頭木(かしらぎ)弘樹編訳の「絶望名人カフカの人生論」(新潮文庫)。
カフカが日記やノート、手紙に書いたネガティブな本音の言葉を集めたものである。
悲しいときには悲しい音楽を
これは音楽の話ですが、ギリシャの哲学者で数学者のピュタゴラス(ピュタゴラスの定理が有名)は、心がつらいときには、「悲しみを打ち消すような明るい曲を聴くほうがいい」と言いました。
これを「ピュタゴラスの逆療法」と言います。現代の音楽療法でも「異質への転導」と呼ばれて、最も重要な考え方のひとつです。
一方、ギリシャの哲学者アリストテレスは、「そのときの気分と同じ音楽を聴くことが心を癒す」と主張しました。つまり、悲しいときには、悲しい音楽を聴くほうがいいというのです。
これは「アリストテレスの同質効果」と呼ばれています。現代の音楽療法でも「同質の原理」と呼ばれて、最も重要な考え方のひとつです。
両者の意見は、まっこうから対立しています。
でも、じつは両方とも正しいことが、今ではわかっています。
どういうことかと言うと、心がつらいときには、
(1) まず最初は、悲しい音楽にひたる=アリストテレス「同質の原理」
(2) その後で、楽しい音楽を聴く=ピュタゴラス「異質への転導」
というふうにするのがベストで、そうすると、スムーズに立ち直ることができるのです。
って、どこにもカフカが出てこないじゃないかって。いや、これは“はじめに”、つまり序文なわけです(ここでもこのあとカフカは出てくるんだけど)。
私が言いたいことは、私は“同質の原理”と“異質への転導”という言葉を、ここで初めて学んだってこと。
たとえの歌が古すぎてごめん
編訳者がここで想定しているのは、暗いタッチの歌-たとえばカルメンマキの「時には母のない子のように」を聴いたあと、楽しい歌-たとえば「世界の国からこんにちは」-を聴くような状況に思われる。
その点、クラシック音楽なら1曲で事足りるので便利だ。
チャイコフスキーの第4交響曲とかベートーヴェンの第5交響曲(運命)なんかは、暗から明へ推移する。チャイコの方は明というよりも、どんちゃん騒ぎだ。
ラフマニノフのピアノ協奏曲第2番なんかも、すすり泣き→ちょっぴり立ち直りって感じで効果ありかも。
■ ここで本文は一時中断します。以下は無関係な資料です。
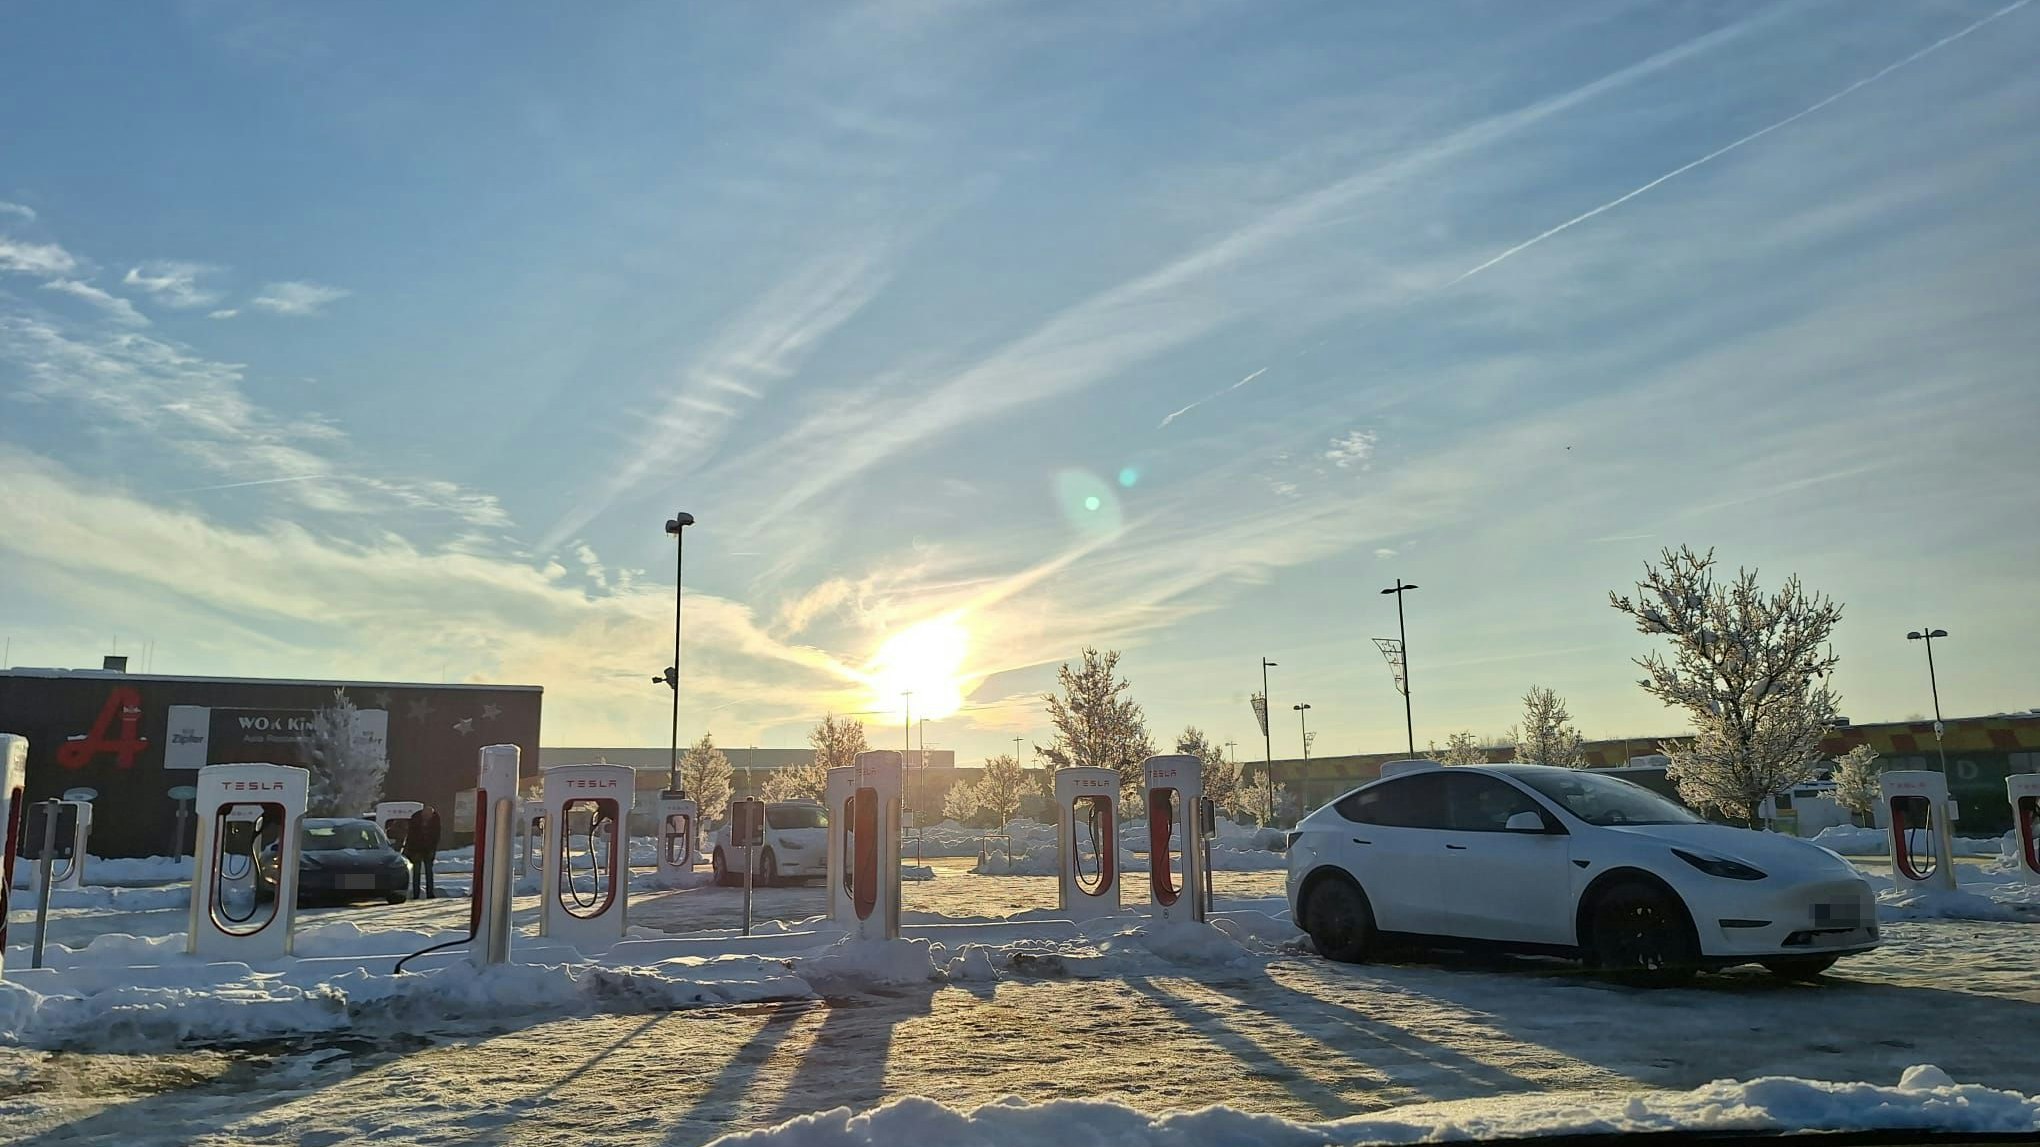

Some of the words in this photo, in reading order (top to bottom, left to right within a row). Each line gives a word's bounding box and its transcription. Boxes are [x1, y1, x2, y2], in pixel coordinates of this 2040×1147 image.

30分や40分程度じゃ気分が変わらないという人には、大盛りサイズのベートーヴェンの第九やマーラーの第5か第7がお勧めである。
まちがっても、チャイコフスキーの第6番「悲愴」なんぞを選んではなりませぬ。気分が高揚してきたとたんに、終楽章で手のひら返しにあうので。マーラーの第9番もそう。
逆にそんなに時間をかけてられないという忙しい現代人のあなたには、シベリウスの「フィンランディア」なんかどうかしら?(←いきなり誰だよ?)
そんなわけでいま取り上げた曲の中から、ではなく、ショスタコーヴィチ(Dmitry Shostakovich 1906-75 ソヴィエト)の交響曲第6番ロ短調Op.54(1939)。
3つの楽章からなり、全曲の長さは30分弱。だが、重苦しく暗い、いや不気味とも言える第1楽章が全体のほぼ半分の長さを占める。
第2楽章になってユーモラスになり、終楽章はズンチャッズンチャッのすっかりお元気モード。というよりは、おちょくってんのか?ってものになる。
聴き終わったあと、立ち直っているか、それともやれやれと感じるかは、あなた次第。
ヤンソンス/オスロ・フィルの演奏を。
1991年録音。EMI(現行盤はワーナー)。
ところで、カフカのどのようなネガティヴな言葉が本書で紹介されているのか?
2つだけご紹介しておこう。
ぼくはひとりで部屋にいなければならない。
床の上に寝ていればベッドから落ちることがないように、
ひとりでいれば何事も起こらない。
× ×
ぼくは、ぼくの知っている最も痩せた男です。
体力はないし、夜寝る前にいつもの軽い体操をすると、
たいてい軽く心臓が傷み、腹の筋肉がぴくぴくします。
確かに一概には言えないでしょうけどね。Limeさんは今(一時帰国することがそうなんでしょうけど)つらい精神状態にあるんでしょうから、単純に音楽で癒されるって話じゃないと思います。
比較するのは不謹慎ですが、高校生のころ失恋したときに立ち直ることができたのは幻想交響曲でした。それは自分をふった相手を忌まわしいものと見なしてしまったわけです。大学の時にふられたときは、マーラーの9番をひたすら聴きました。同情してくれるような音楽を求めたからです。が、立ち直るってような感じではありませんでした。